La plupart des soignants restent attachés au respect de la vie de leurs patients. Beaucoup notent que le temps des cocktails lithiques est heureusement révolu. Cependant la peur panique d’une loi conduit certains groupes à se réfugier vers le suicide assisté. Comme si cela les protégeait. Je montre dans un chapitre de mon livre que c’est faire preuve de naïveté. D’abord, la prévention du drame du suicide ne doit souffrir aucune exception. Ensuite, au nom de l’égalité, le Comité consultatif national d’éthique articule dans son triste avis n°139 suicide assisté et euthanasie avec son expression anesthésiante « aide active à mourir ». Opposé à toute forme d’euthanasie, Robert Badinter rappelait qu’une loi a une valeur « expressive », car elle « norme » les comportements. Si une loi était votée, il faudrait que de nombreux soignants lui résistent, sans craindre l’héroïsme, ni déserter.

Au-delà des idées reçues, où en est l’opinion publique sur le sujet ?
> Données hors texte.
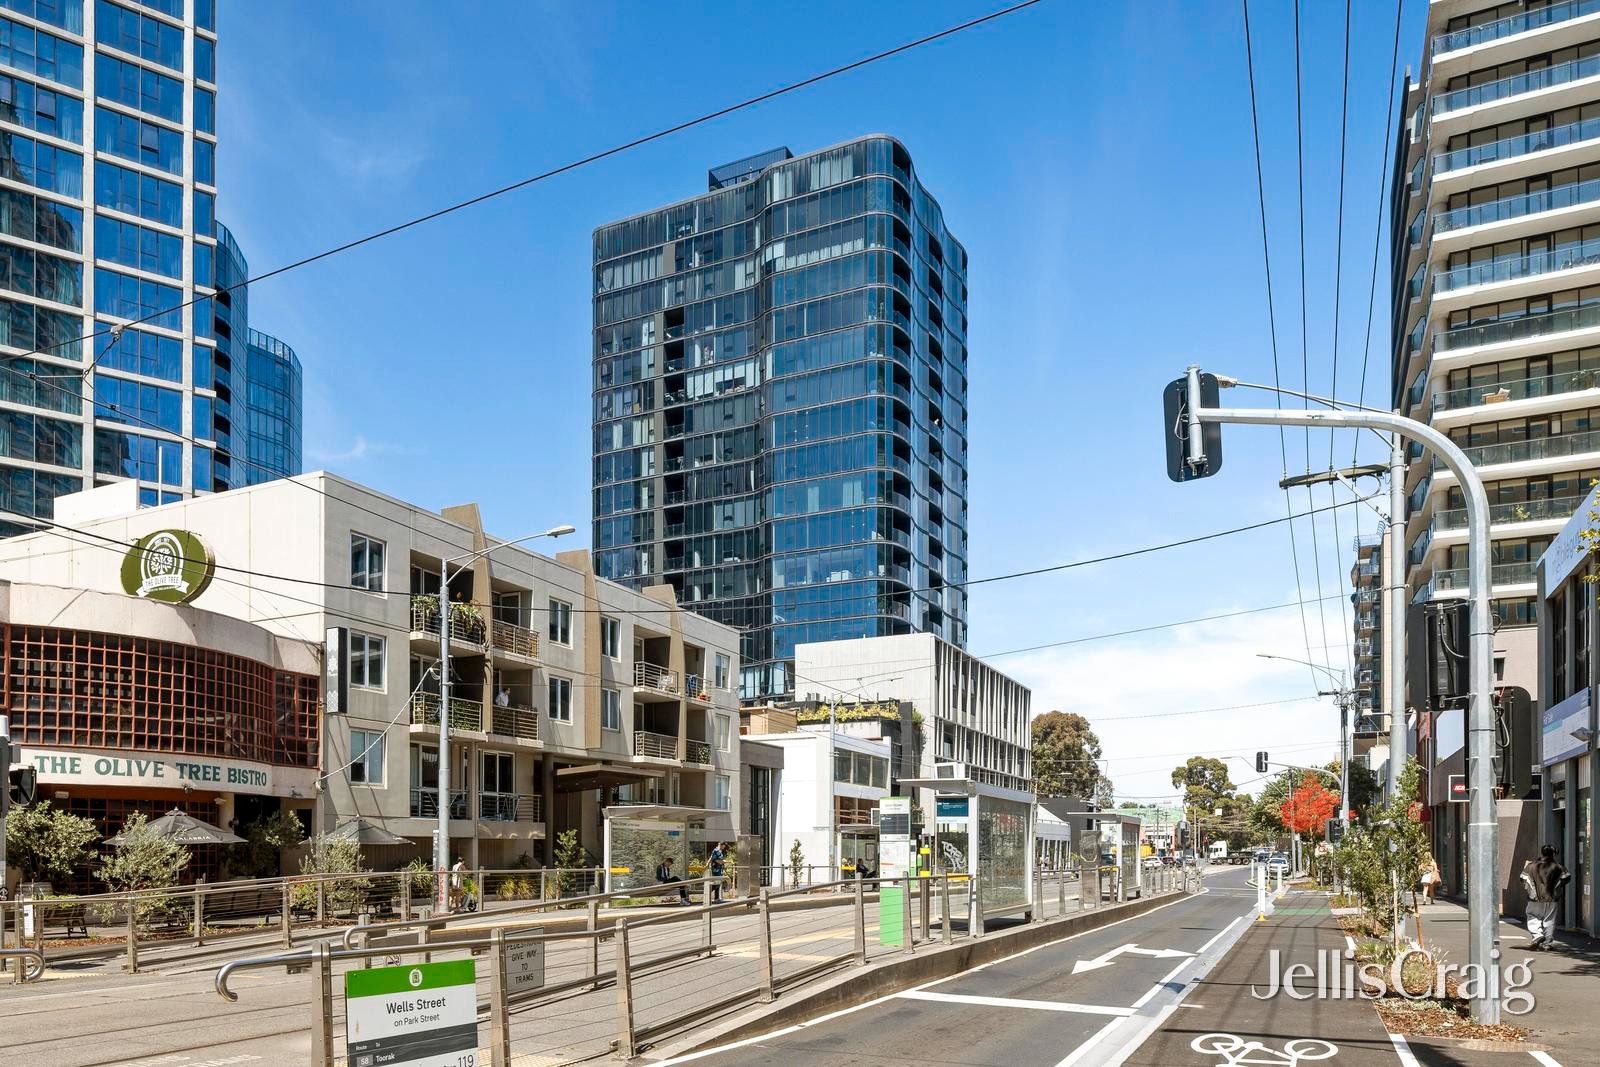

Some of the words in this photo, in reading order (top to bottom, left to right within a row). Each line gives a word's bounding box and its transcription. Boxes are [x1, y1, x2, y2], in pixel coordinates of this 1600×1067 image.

[154, 576, 167, 585] OLIVE
[168, 576, 179, 584] TREE
[34, 755, 82, 775] THE
[94, 758, 165, 778] OLIVE
[175, 762, 221, 782] TREE
[227, 768, 268, 787] BISTRO
[511, 952, 525, 962] GIVE
[526, 949, 538, 959] WAY
[520, 963, 529, 971] TO
[515, 973, 534, 984] TRAMS
[386, 1001, 414, 1015] Wells
[417, 996, 446, 1011] Street
[394, 1019, 403, 1027] on
[403, 1016, 418, 1026] Park
[420, 1013, 440, 1024] Street
[375, 1053, 395, 1062] Toorak
[457, 1054, 474, 1067] 119
Poussée par des idéologues, la revendication euthanasique est surtout une lubie de bien-portants. Quoiqu’en disent les sondages largement biaisés, je montre que ce n’est ni une véritable demande sociale, ni une priorité pour nos concitoyens. Inclure ce sujet aujourd’hui, après avoir renoncé à la loi « grand-âge et autonomie », et alors que nous connaissons une triple crise de l’hôpital, des EHPAD et des « déserts médicaux » est indécent. Les Français souhaitent – plusieurs enquêtes d’Alliance VITA l’ont montré – être bien soulagés et bien accompagnés. Le choix truqué qu’on leur présente entre « souffrir de façon insupportable » et « mourir paisiblement » les trompe. D’où l’importance de les informer des enjeux.
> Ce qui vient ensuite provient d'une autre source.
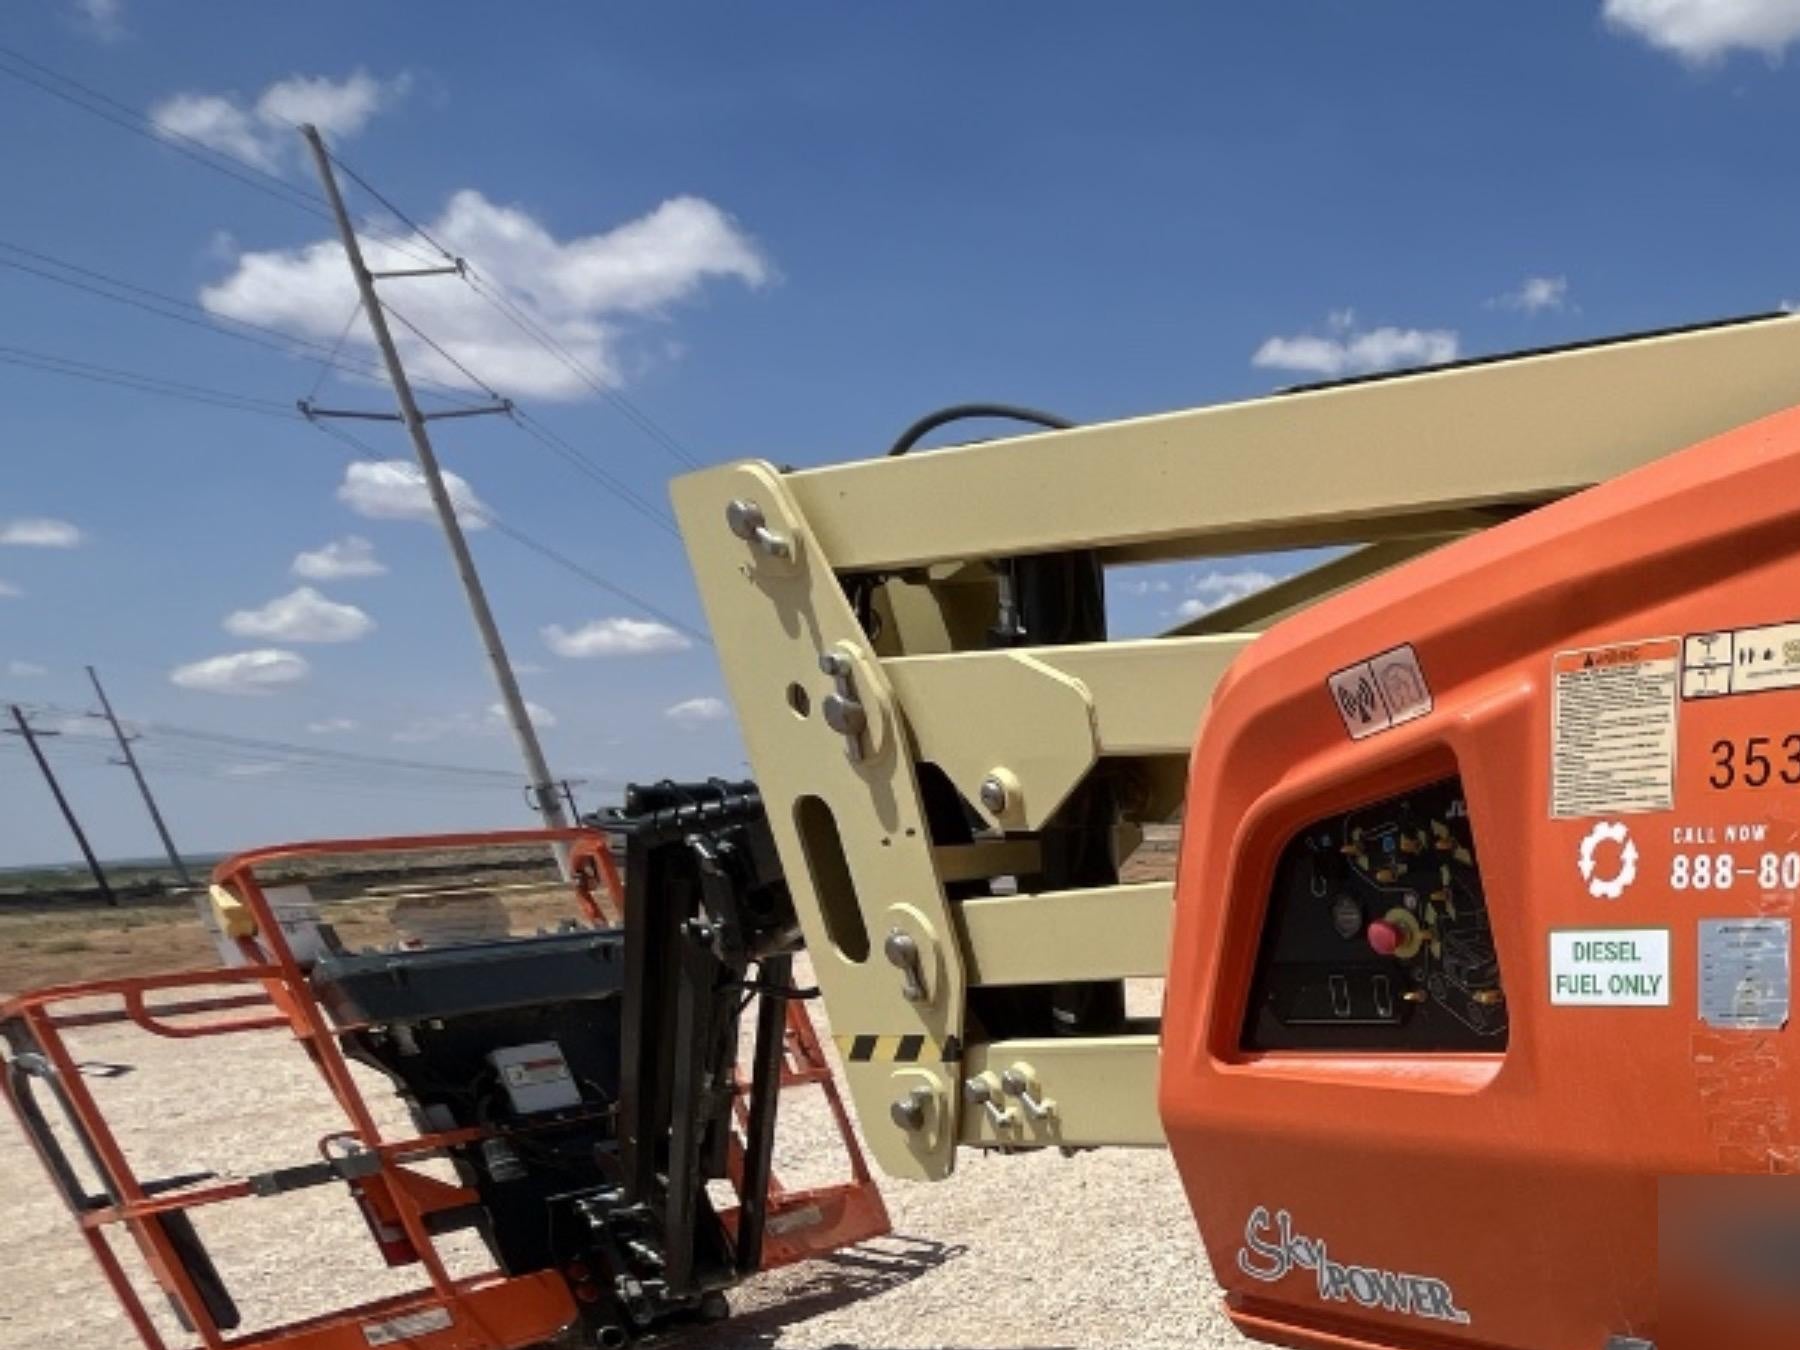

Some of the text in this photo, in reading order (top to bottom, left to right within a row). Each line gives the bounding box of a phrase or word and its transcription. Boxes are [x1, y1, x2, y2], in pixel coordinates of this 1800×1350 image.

[1672, 823, 1770, 845] CALL NOW
[1572, 941, 1642, 963] DIESEL
[1555, 973, 1664, 996] FUEL ONLY
Vous écrivez que l’euthanasie est un débat d’humanité et non de foi : les religions ont-elles néanmoins un rôle à jouer ?

Leur parole – presqu’unanime – est essentielle. Elle est d’ailleurs plus écoutée qu’on ne le dit. L’effondrement des repères la rend encore plus précieuse, mais elle doit rester ferme et sans ambiguïté. Les promoteurs de l’euthanasie ou du suicide cherchent des cautions chrétiennes et ils en trouvent, que je dénonce régulièrement. J’aime en revanche les formules acérées du pape François (en écho au débat français) : « Tuer n’est pas humain, point… Tuer, laissons cela aux animaux » ; ou encore : « Il n’y a pas de droit de mourir […] ce principe éthique concerne tout le monde, pas seulement les chrétiens ou les croyants. » Belle illustration de notre anthropologie. Nous la savons universelle. C’est la fameuse « loi naturelle ». Nous avons la belle mission, sans « catholiciser le débat », de la rappeler à tous.